Using the records that follow, work out the number of lines with the word "Chicken" in them; reply with that number only.

Saved data entries:
---
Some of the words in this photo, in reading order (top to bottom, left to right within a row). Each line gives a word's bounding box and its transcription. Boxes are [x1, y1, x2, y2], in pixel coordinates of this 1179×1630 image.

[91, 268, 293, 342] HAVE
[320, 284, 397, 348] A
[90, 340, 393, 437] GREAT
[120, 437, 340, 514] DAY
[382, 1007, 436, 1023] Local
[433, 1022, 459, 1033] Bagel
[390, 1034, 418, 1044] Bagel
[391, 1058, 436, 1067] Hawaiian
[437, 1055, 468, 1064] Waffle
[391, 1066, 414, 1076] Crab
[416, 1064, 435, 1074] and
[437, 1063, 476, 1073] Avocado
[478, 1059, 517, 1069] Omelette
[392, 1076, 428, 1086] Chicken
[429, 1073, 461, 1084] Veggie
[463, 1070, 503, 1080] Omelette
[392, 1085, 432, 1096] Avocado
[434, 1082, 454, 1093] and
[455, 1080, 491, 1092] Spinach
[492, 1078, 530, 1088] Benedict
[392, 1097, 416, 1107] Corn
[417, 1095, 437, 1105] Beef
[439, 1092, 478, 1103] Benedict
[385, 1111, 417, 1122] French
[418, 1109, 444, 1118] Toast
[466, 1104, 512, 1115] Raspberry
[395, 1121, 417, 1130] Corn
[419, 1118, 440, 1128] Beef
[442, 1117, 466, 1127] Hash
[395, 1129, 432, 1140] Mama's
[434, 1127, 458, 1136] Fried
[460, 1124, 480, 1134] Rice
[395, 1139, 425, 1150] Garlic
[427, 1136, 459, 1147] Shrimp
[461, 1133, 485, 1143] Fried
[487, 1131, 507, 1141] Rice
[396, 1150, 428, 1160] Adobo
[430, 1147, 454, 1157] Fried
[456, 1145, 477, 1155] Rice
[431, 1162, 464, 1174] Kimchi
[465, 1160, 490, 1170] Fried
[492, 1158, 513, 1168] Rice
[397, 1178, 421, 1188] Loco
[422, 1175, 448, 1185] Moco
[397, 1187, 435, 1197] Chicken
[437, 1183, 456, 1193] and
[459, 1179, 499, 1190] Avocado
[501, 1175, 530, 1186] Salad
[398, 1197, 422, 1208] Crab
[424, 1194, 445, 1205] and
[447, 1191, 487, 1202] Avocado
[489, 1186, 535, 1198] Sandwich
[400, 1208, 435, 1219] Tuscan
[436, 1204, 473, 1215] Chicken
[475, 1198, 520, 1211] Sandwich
---
• Answer section: 3